Matthew 6.16-18 (5/9)
Fasting was an important religious duty among the Jewish people. According to an early record (the Didache) the Jewish custom was to fast on Mondays and Thursdays (market days); so Christians fasted on Wednesdays and Fridays (8:1). The purpose of fasting was to strengthen prayer by showing how serious the supplicant was in their approach to God. The practice was being abused by hypocrites who “disfigured their faces” so others could see how religious they were. The NIV (and others) translate the Greek verb with “look somber” which fails to do justice to aphanidzo, a word that means literally “to not shine,” referring to the practice of disfiguring one’s face with ashes. In a “if a little’s good, more’s better” mind set they would try to outdo one another thus proving how serious they were in in their desire to please God.

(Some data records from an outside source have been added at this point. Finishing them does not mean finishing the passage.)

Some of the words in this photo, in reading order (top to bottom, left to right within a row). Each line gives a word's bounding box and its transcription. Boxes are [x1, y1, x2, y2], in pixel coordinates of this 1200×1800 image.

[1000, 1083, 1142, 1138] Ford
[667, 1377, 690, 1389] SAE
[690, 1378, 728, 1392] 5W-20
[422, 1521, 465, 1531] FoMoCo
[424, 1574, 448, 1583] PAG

Of course Jesus was well aware of all their hypocritical attempts. The word “hypocrite” was used of play-actors in the Greek theater and came to describe more broadly those who pretended to be what they weren’t. It is an apt description of the human tendency to deceive for personal benefit. It seems to be true that hypocrisy (in its many forms all the way from a lifted eyebrow to a bald faced lie) is at the root of all relational problems. Jesus calls for absolute candor in our relations with one another. What made hypocrisy even more unacceptable was that it was used in a religious setting.
It should be noted that all deviance from truth carries its own penalty. The results of duplicity leave their mark not only on the person deceived, but on the hypocrite himself. Orwell wrote, “to wear a mask is to discover that your face has grown to fit it,” but I tend to believe that to wear a mask makes it increasingly difficult to become the person you are pretendin to be. That hypocrisy deceives the hypocrite is the point C. Joybell C. makes in her observation, “hypocrisy annoys me, people need to look into mirrors. Let me hold a mirror in front of your face.” The only effective way to make that change toward what we want to be is to first admit who we are by nature and then seek the help of God to arrive at that goal.
Calling attention to one’s spiritual achievements as a measure of one’s spiritual growth is ironic in that by calling attention to it we see its absence.